1,471 reports of this reaction
4.2% of all VALBENAZINE reports
#5 most reported adverse reaction
TARDIVE DYSKINESIA is the #5 most commonly reported adverse reaction for VALBENAZINE, manufactured by Neurocrine Biosciences, Inc.. There are 1,471 FDA adverse event reports linking VALBENAZINE to TARDIVE DYSKINESIA. This represents approximately 4.2% of all 34,810 adverse event reports for this drug.
Patients taking VALBENAZINE who experience tardive dyskinesia should discuss this symptom with their healthcare provider to determine whether it may be related to their medication and what alternatives may be available.

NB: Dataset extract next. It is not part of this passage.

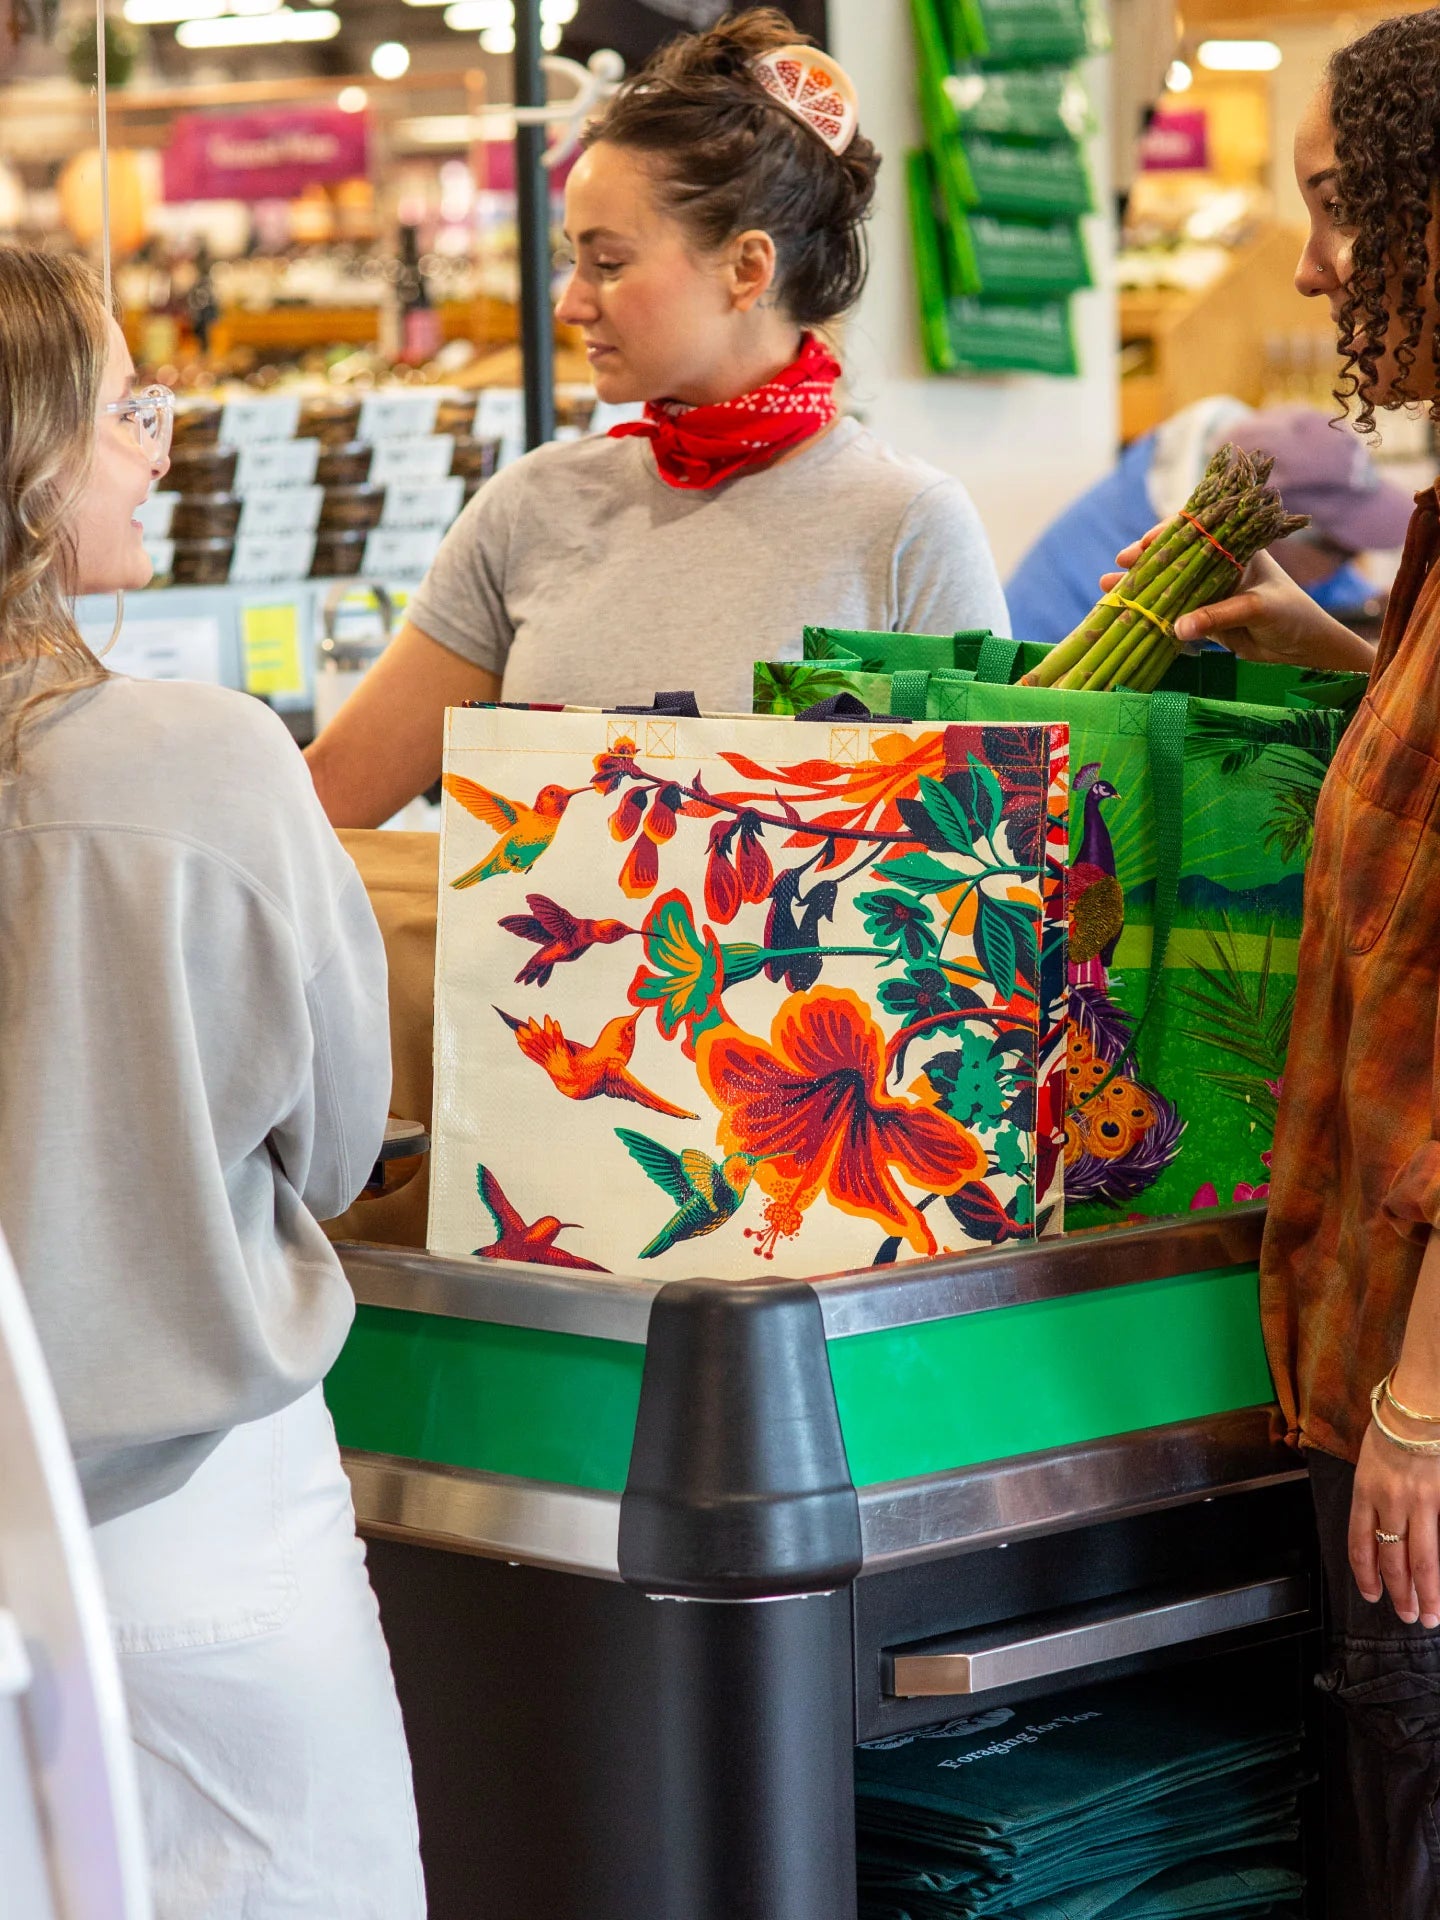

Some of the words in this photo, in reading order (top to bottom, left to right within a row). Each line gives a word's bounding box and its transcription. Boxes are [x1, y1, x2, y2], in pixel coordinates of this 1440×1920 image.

[937, 1732, 1038, 1770] Foraging
[1025, 1722, 1062, 1734] for
[1053, 1711, 1103, 1724] You

TARDIVE DYSKINESIA is moderately reported among VALBENAZINE users, representing a notable but not dominant share of adverse events.

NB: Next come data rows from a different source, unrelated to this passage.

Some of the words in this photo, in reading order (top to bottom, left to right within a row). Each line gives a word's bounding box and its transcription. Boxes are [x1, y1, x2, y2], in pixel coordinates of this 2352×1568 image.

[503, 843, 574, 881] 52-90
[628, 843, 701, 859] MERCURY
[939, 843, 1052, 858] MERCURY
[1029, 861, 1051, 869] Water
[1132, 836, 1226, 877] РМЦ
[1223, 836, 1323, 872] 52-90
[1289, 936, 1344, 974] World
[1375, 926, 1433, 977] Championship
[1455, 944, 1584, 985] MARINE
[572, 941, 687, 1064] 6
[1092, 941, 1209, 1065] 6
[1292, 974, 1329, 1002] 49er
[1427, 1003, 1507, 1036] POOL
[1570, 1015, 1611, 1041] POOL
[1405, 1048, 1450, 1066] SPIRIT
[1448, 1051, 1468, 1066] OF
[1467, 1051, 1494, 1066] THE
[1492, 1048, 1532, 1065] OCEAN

In addition to tardive dyskinesia, the following adverse reactions have been reported for VALBENAZINE:
The following drugs have also been linked to tardive dyskinesia in FDA adverse event reports:
TARDIVE DYSKINESIA has been reported as an adverse event in 1,471 FDA reports for VALBENAZINE. This does not prove causation, but indicates an association observed in post-market surveillance data.
TARDIVE DYSKINESIA accounts for approximately 4.2% of all adverse event reports for VALBENAZINE, making it a notable side effect.
If you experience tardive dyskinesia while taking VALBENAZINE, contact your healthcare provider. They can evaluate whether the symptom is related to your medication and discuss potential adjustments to your treatment plan. Do not stop taking prescribed medication without consulting your doctor.